■ What to work on
The lines to copy run from the one containing "this 1500×1000 image." to the very end of the records; give them exactly, and only them, without pictures.

■ Records for the task

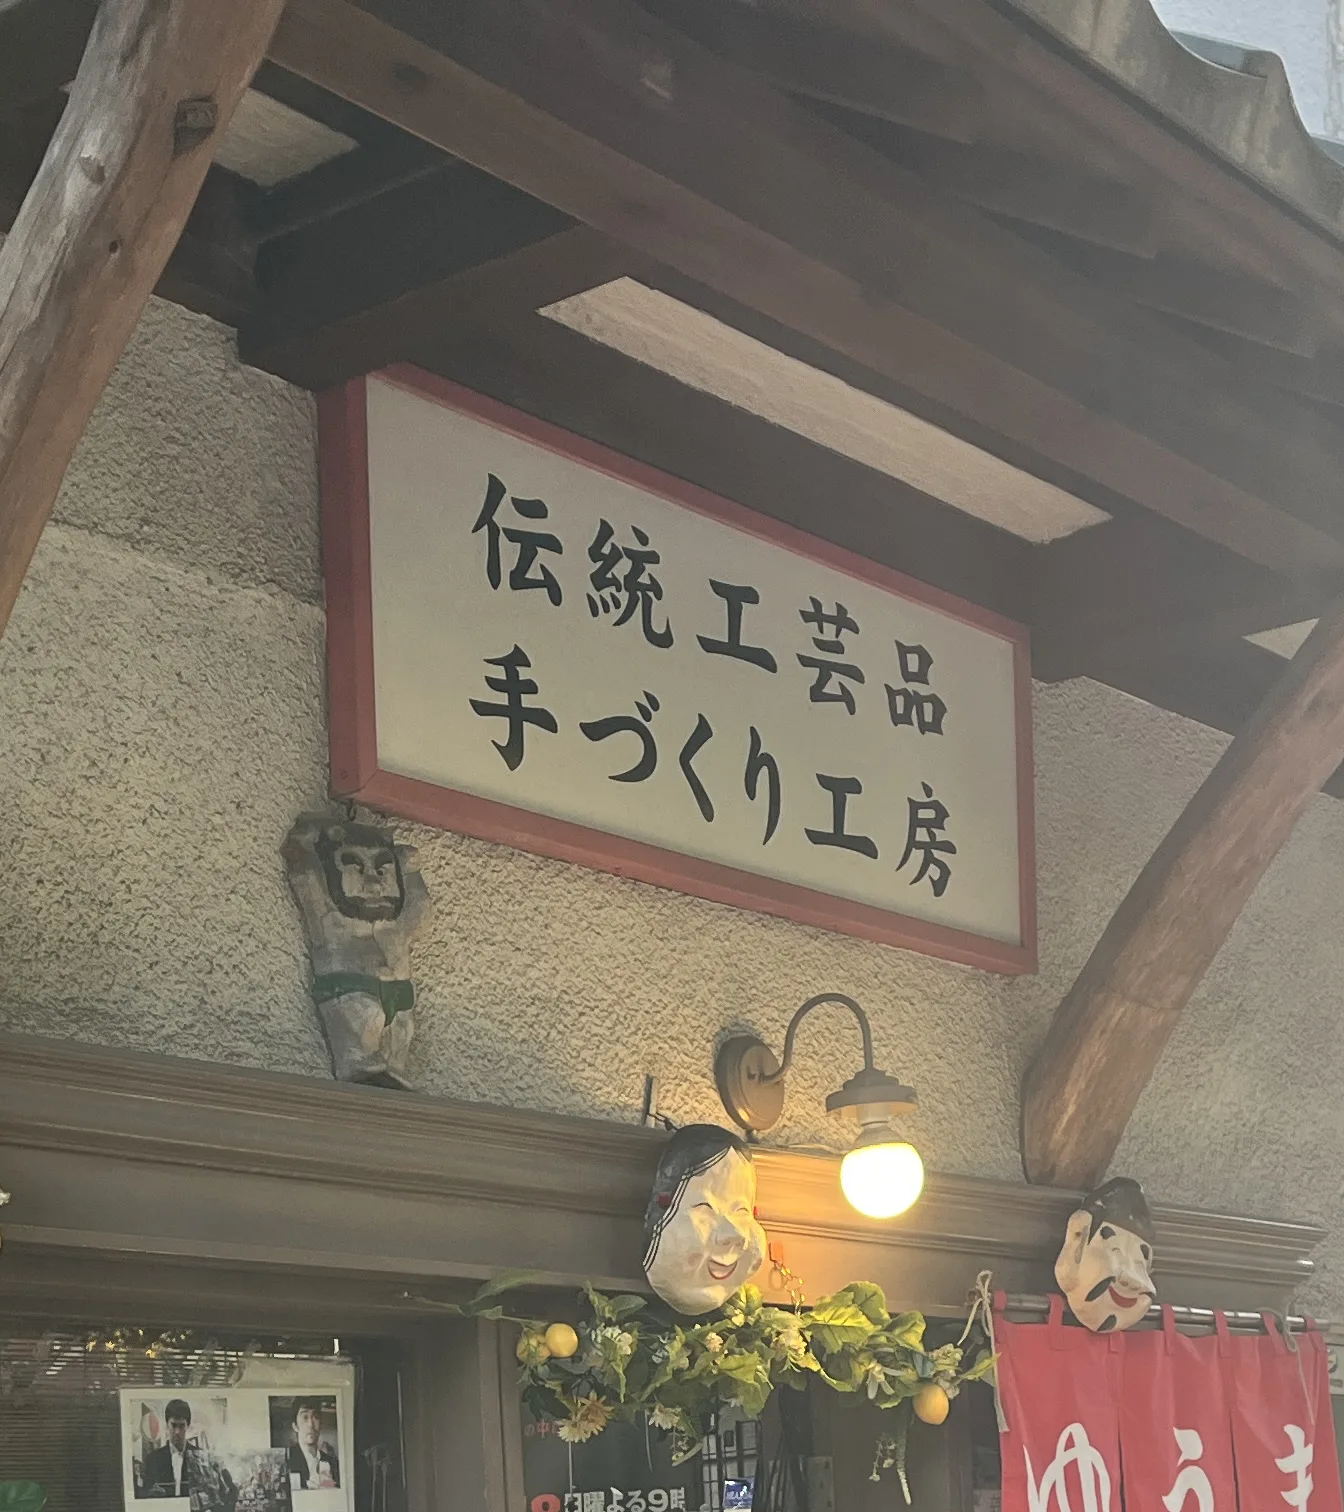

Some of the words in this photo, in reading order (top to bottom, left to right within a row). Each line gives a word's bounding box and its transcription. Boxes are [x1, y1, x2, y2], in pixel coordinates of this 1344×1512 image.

[471, 472, 948, 736] 伝統工芸品
[468, 643, 957, 897] 手づくり工房
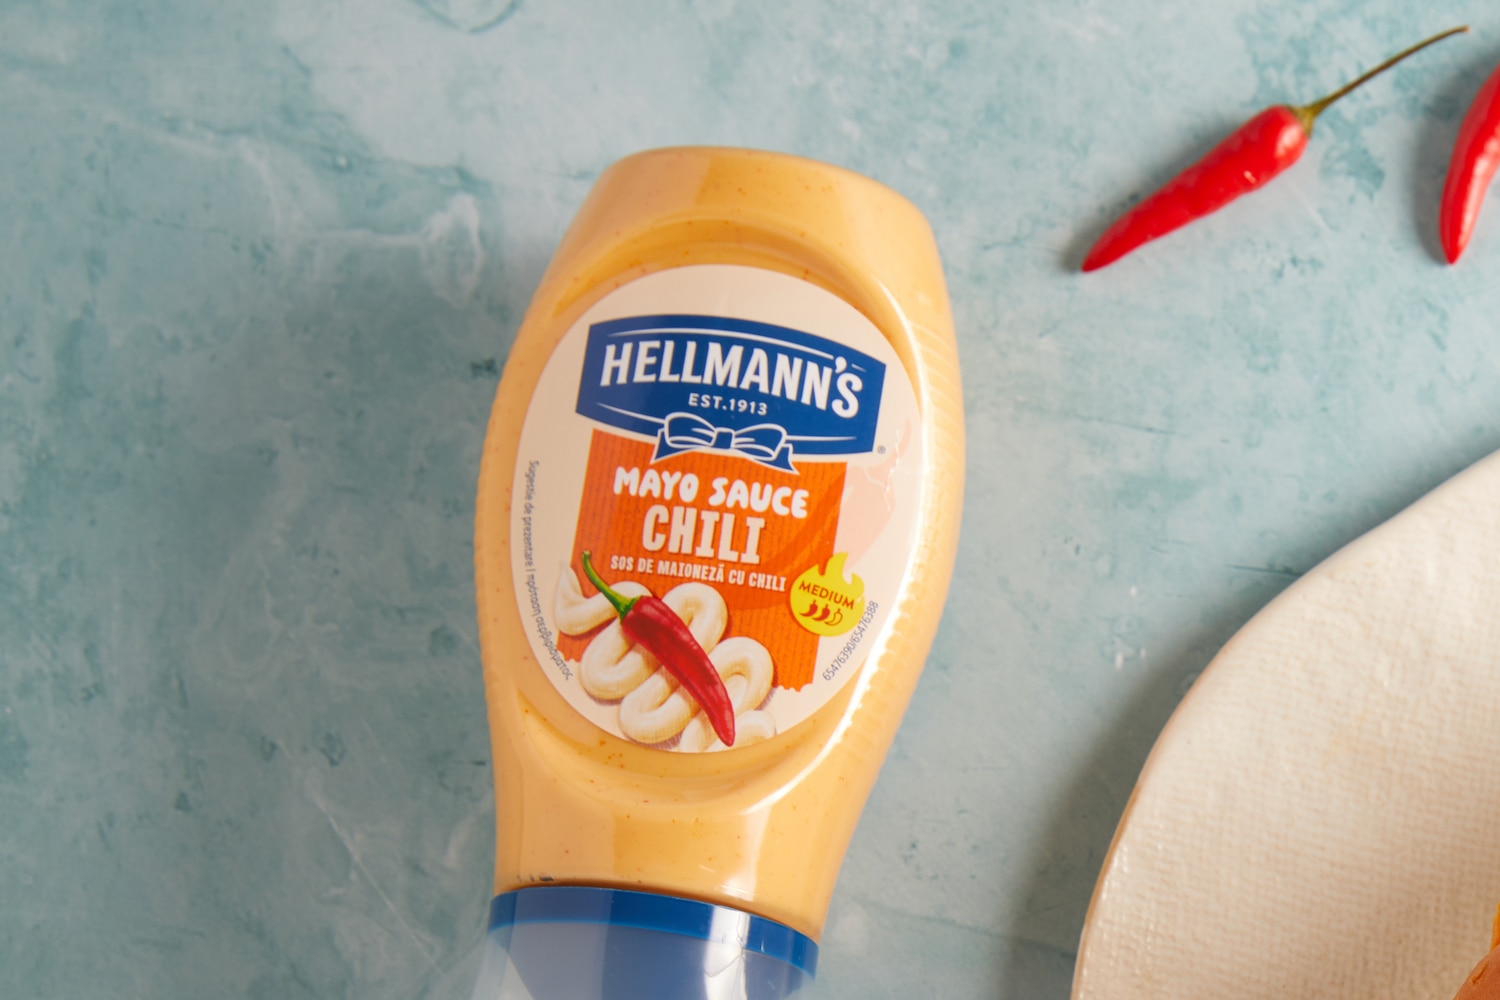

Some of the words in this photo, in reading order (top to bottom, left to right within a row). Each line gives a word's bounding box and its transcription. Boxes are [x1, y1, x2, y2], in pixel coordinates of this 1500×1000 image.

[600, 340, 863, 419] HELLMANN'S
[525, 460, 540, 500] Sugestie
[613, 466, 699, 502] MAYO
[709, 477, 809, 519] SAUCE
[523, 502, 534, 515] de
[522, 517, 534, 567] prezentare
[642, 504, 766, 564] CHILI
[610, 555, 633, 573] SOS
[637, 558, 653, 574] DE
[657, 560, 724, 583] MAIONEZĂ
[728, 571, 744, 586] CU
[748, 573, 787, 592] CHILI
[799, 581, 855, 609] MEDIUM
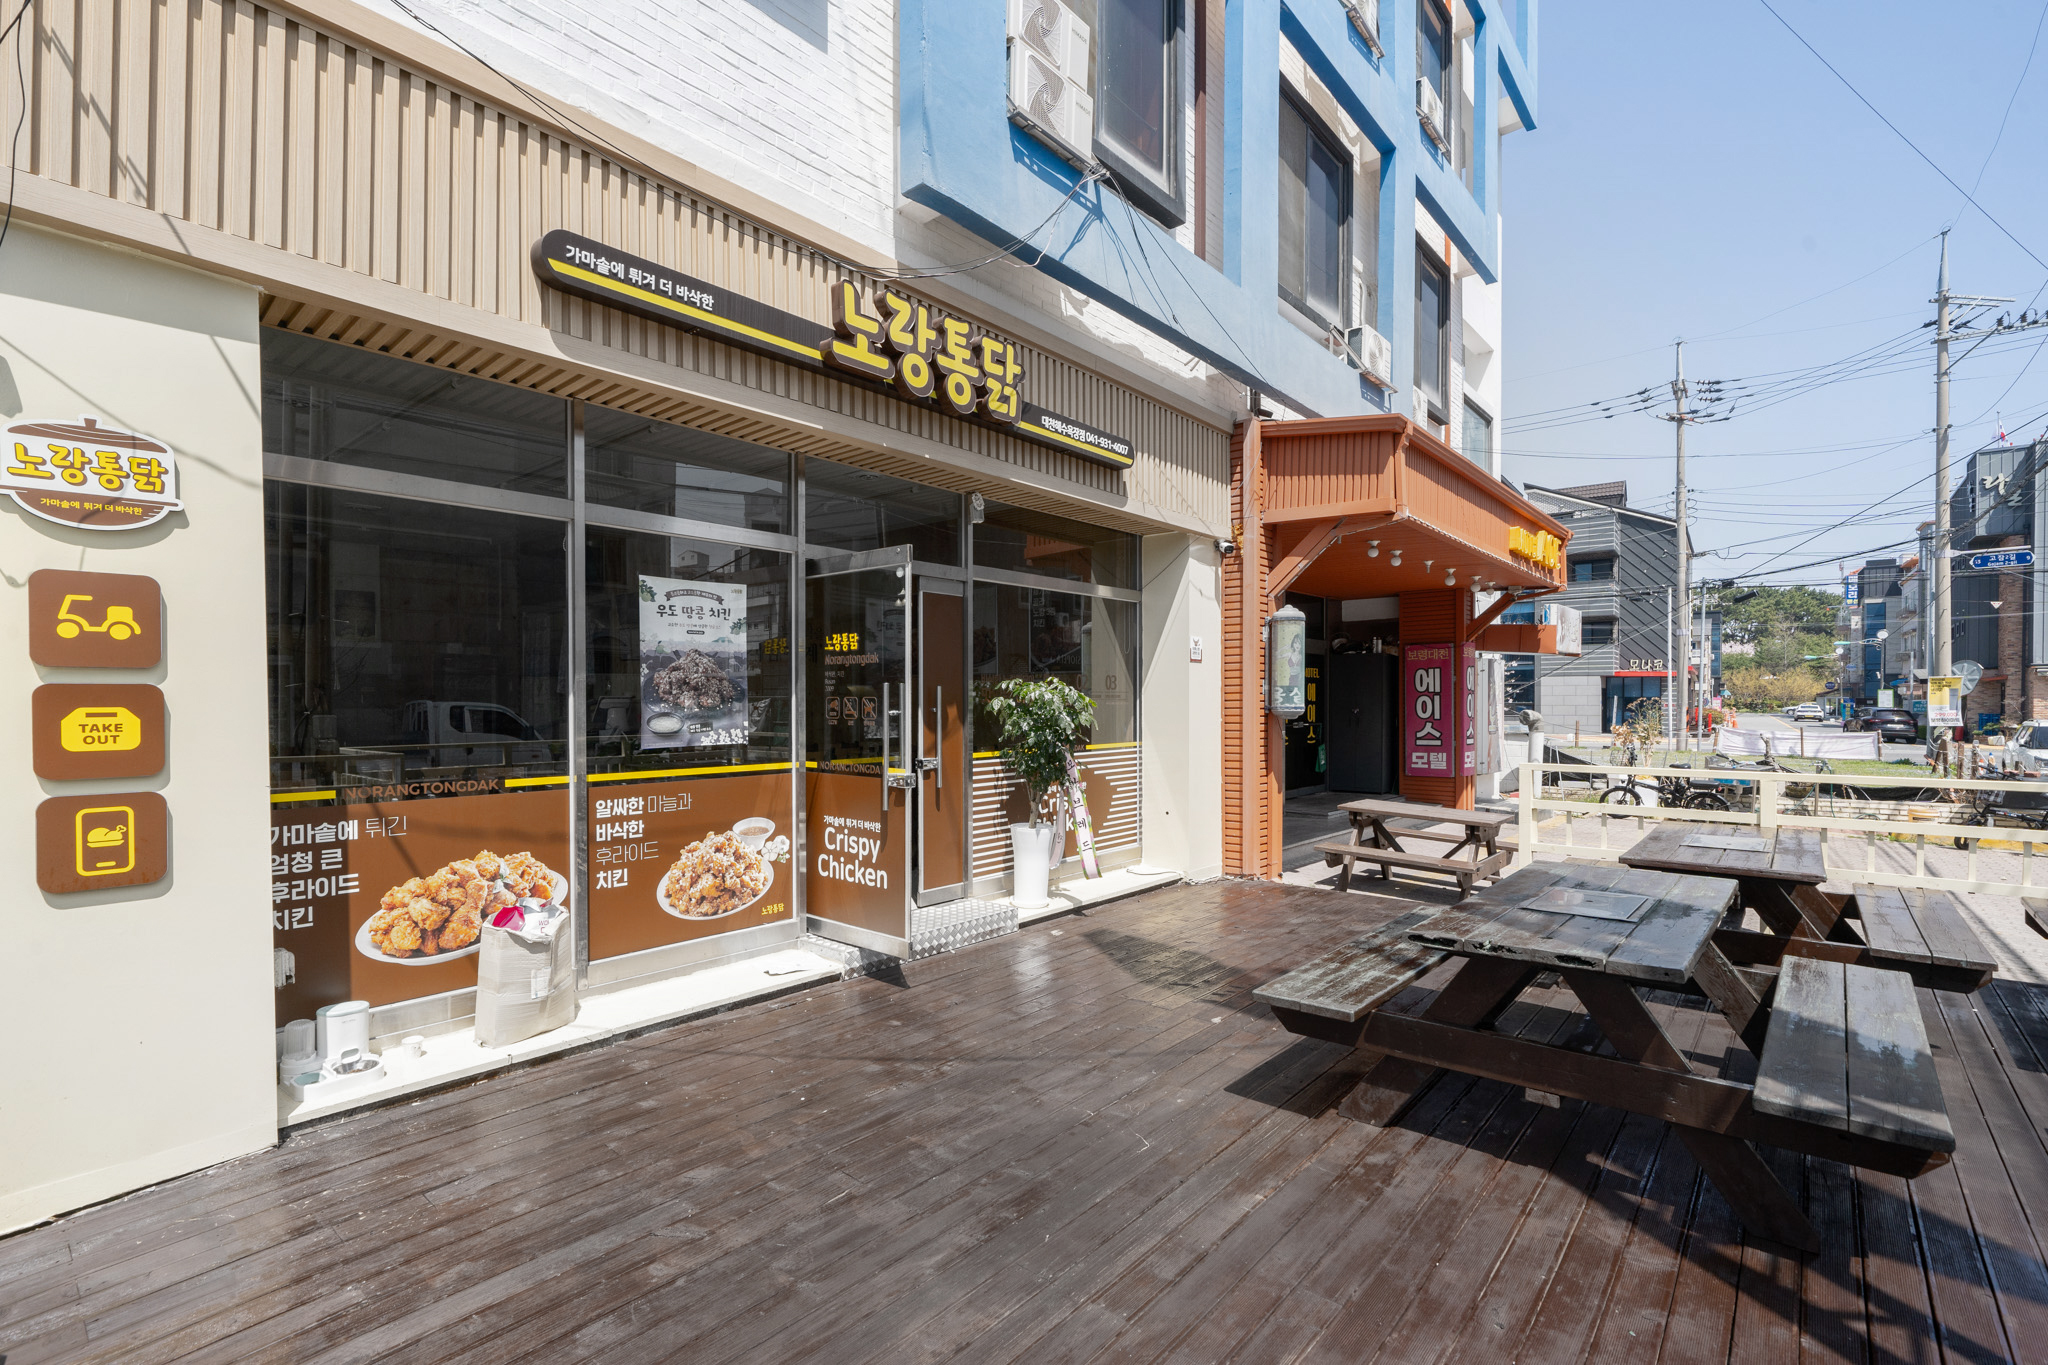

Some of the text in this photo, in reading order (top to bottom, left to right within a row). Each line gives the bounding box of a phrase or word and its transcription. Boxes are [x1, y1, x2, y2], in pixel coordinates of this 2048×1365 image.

■ Reply
Some of the words in this photo, in reading order (top to bottom, left to right within a row). Each line gives a word's bounding box and its transcription. Boxes are [x1, y1, x2, y2], in pixel coordinates of this 1500×1000 image.

[600, 340, 863, 419] HELLMANN'S
[525, 460, 540, 500] Sugestie
[613, 466, 699, 502] MAYO
[709, 477, 809, 519] SAUCE
[523, 502, 534, 515] de
[522, 517, 534, 567] prezentare
[642, 504, 766, 564] CHILI
[610, 555, 633, 573] SOS
[637, 558, 653, 574] DE
[657, 560, 724, 583] MAIONEZĂ
[728, 571, 744, 586] CU
[748, 573, 787, 592] CHILI
[799, 581, 855, 609] MEDIUM

Some of the text in this photo, in reading order (top to bottom, left to right within a row). Each line gives the bounding box of a phrase or word and its transcription. Boxes are [x1, y1, x2, y2], in pixel coordinates of this 2048×1365 image.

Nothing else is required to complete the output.